The choice worked in her favour: landing a record deal at only 17, Kimbra had been a big name in the indie scene Down Under before becoming internationally acclaimed with her feature on Gotye’s hit ‘Somebody That I Used to Know’ back in 2012. The song ended up winning ‘record of the year’ at the Grammys, far from her expectations when they recorded it from a sofa in her flat.

“That kind of sudden success almost feels a bit…”, Kimbra pauses. “I guess claustrophobic is the word.”

Instead of basking in her Grammy’s shimmering afterglow, Kimbra decided to escape the glamorous, albeit chaotic world of Hollywood. The day after she won the award, she jumped online and found a room for rent on a sheep farm on the outskirts of Los Angeles. She stayed for over a year, doing her dishes in a bathtub and making music surrounded by the animals she lives with on the farm.

“I couldn’t live in Hollywood, I just couldn’t do that.

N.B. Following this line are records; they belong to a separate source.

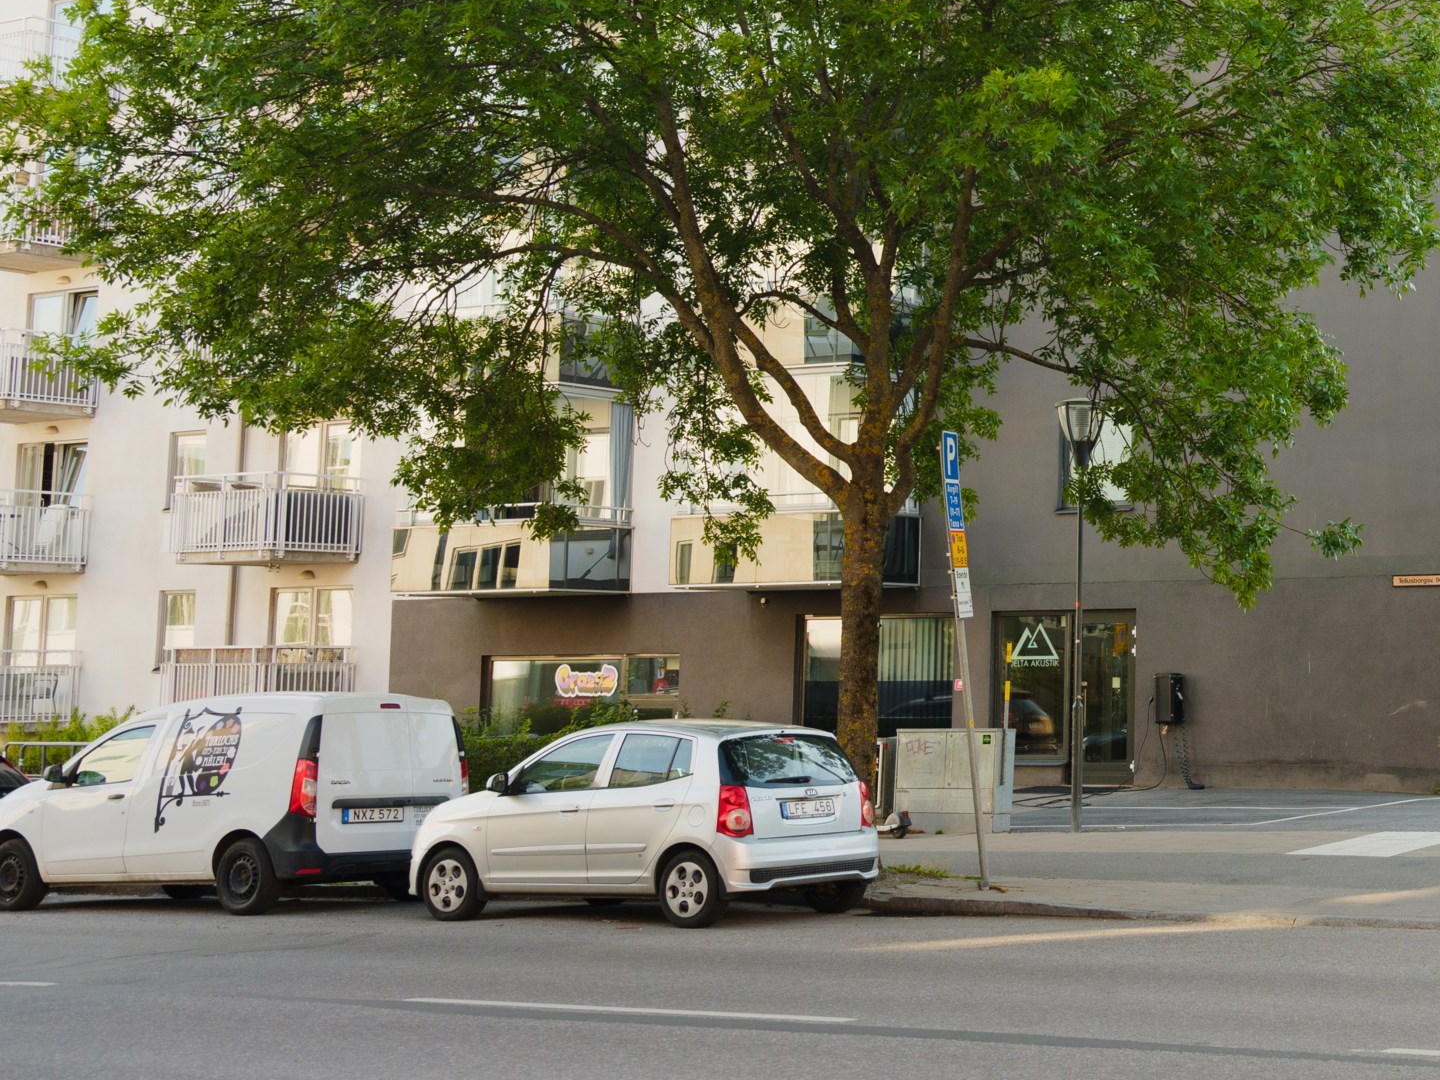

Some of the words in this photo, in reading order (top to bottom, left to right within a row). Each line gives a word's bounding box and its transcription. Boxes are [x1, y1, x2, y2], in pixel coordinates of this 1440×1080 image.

[946, 437, 956, 476] P
[1030, 660, 1060, 668] AKUSTIK
[788, 802, 807, 815] LFE
[814, 801, 832, 812] 456
[353, 809, 375, 821] NXZ
[378, 809, 399, 820] 572

I needed stillness and being able to get into that bubble. What I was able to do was hibernate, and then come back into the world and do all these projects and events. But I needed both,” she reflects.

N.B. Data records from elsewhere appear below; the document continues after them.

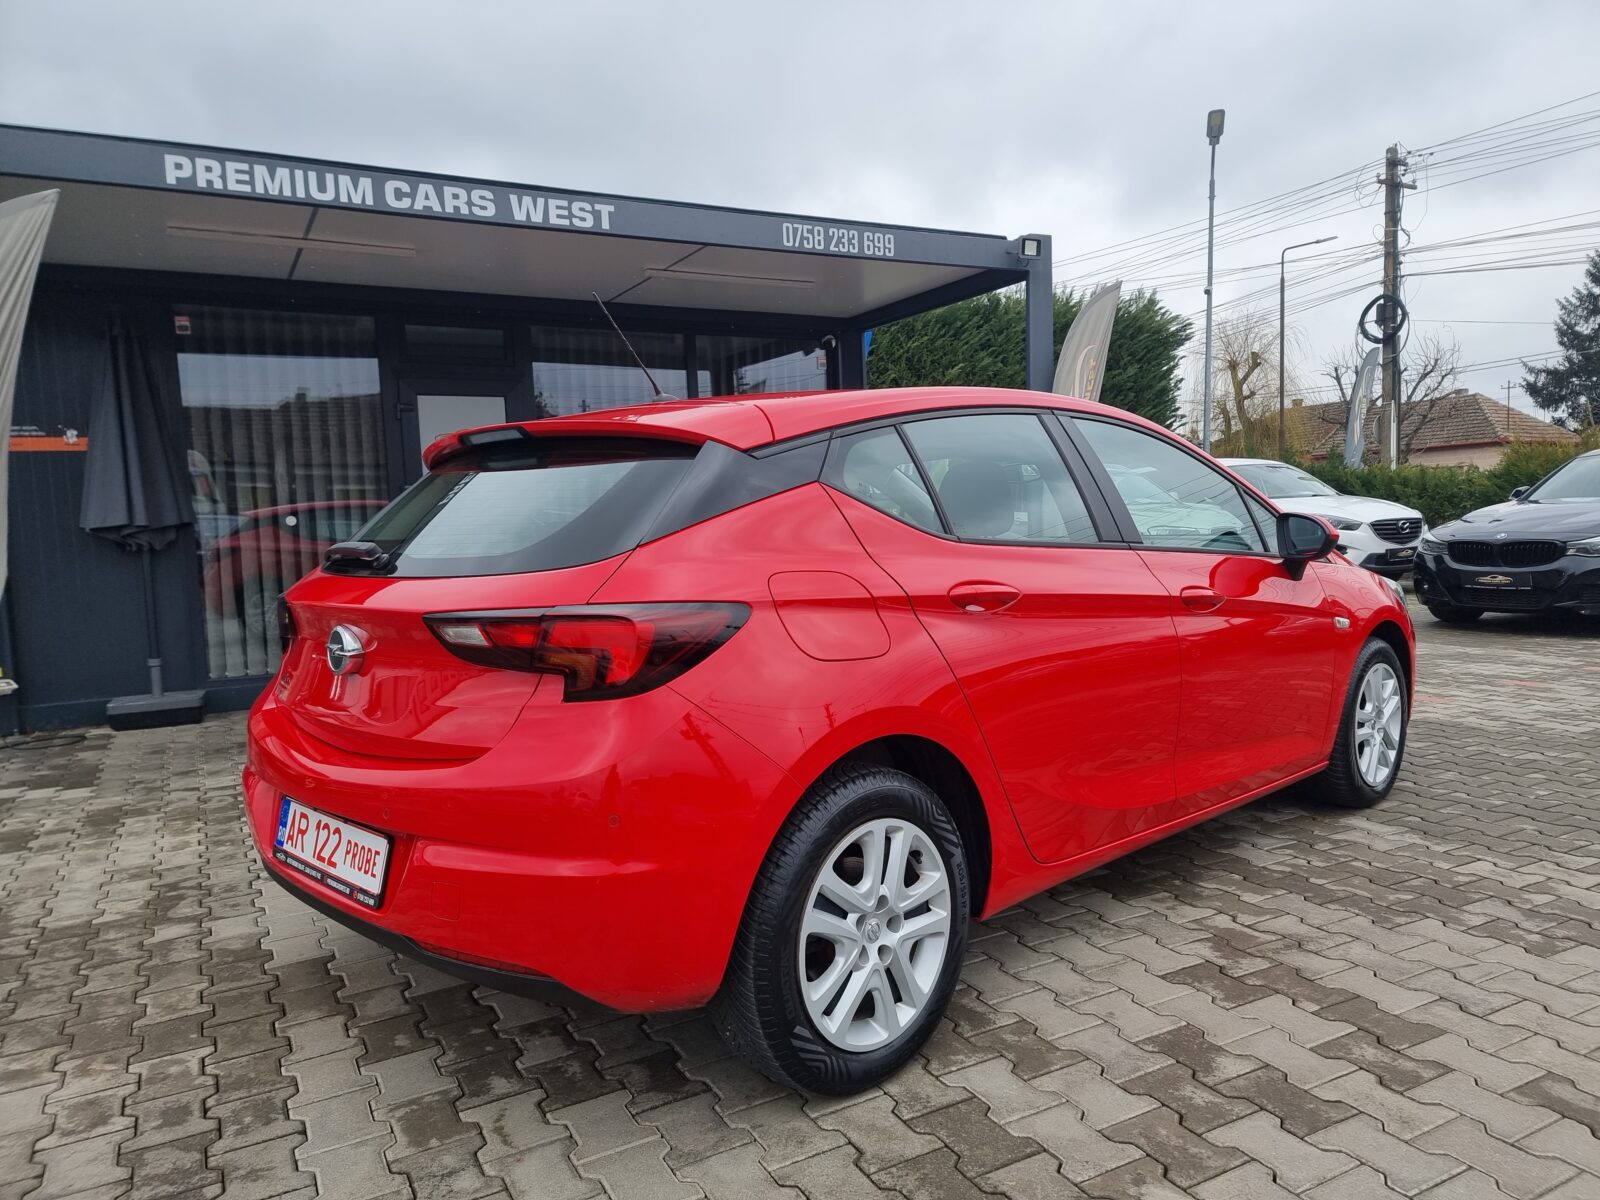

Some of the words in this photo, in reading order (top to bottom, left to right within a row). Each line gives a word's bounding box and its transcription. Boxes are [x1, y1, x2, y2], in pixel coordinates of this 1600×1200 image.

[163, 153, 374, 205] PREMIUM
[384, 180, 496, 217] CARS
[509, 194, 615, 230] WEST
[782, 222, 824, 250] 0758
[829, 227, 859, 253] 233
[863, 231, 895, 257] 699
[286, 808, 310, 853] AR
[312, 819, 342, 869] 122
[343, 839, 381, 879] PROBE

“It’s not an unattractive place, Hollywood. I love the aesthetics, that it’s all so over the top and theatrical. I guess it just comes down to how deeply you want to engage with it. When it comes to actually making a record, I needed something very different.”

Kimbra hasn’t let people restrict her to being “that girl in the Gotye song”. She’s released two albums, Vows and The Golden Echo, and has done a wide range of collaborations. Her music acts as a showcase for her remarkable skill of constant reinvention, continually deviating from what she’s previously made.

“I think the term “progressive pop” is suitable for my music, because progressive suggests that you’re pushing to find the edges of what you’re working within.”

“As an artist you need to push yourself and find avenues you haven’t explored yet”, continues Kimbra. “Everything I do is a constant development. The goal is to keep a cohesiveness to it at the same time. I want to have a body of work that people feel isn’t totally schizophrenic.”

Kimbra has always taken an active part in creating her own sound. The interest for the production side of music began with an 8-track recorder borrowed from her school, which she made her first hit ‘Settle Down’ on.

“I started messing around with and became fascinated with how I could sculpt sound”, she continues. “It essentially became a tool of writing for me. Production itself is an instrument.”

Another way of developing as an artist has been through collaborations. A song very different from her hit with Gotye is her new feature on the Danish artist Slowolf’s electronica single “White Feathers”.

“I’m super stoked that I got to work with Slowolf. I heard his remix of my song Goldmine and I really wanted to see what we could make together,” she says.

“There is something very internal about working with my solo records, you end up spending a lot of time in your head. When you work with someone on their record you’re coming into the process as an instrument. I can bring colour to something as opposed to it being about my whole story.”

Musically, Kimbra seems to be a never-ending journey of development, the result being a distinct and uncompromising sound. It’s a path she thinks she may have never trodden if she’d stuck about in Hollywood after the Grammys.

Kimbra has now moved to New York and is working towards a third album, but she hasn’t quite managed to leave her farming days behind her.

“It’’s a bit weird, but I’ve set up my own equivalent of a farm here! Although it has no animals. But I’ve found a setup in my flat that gives me some space in such a hectic city.”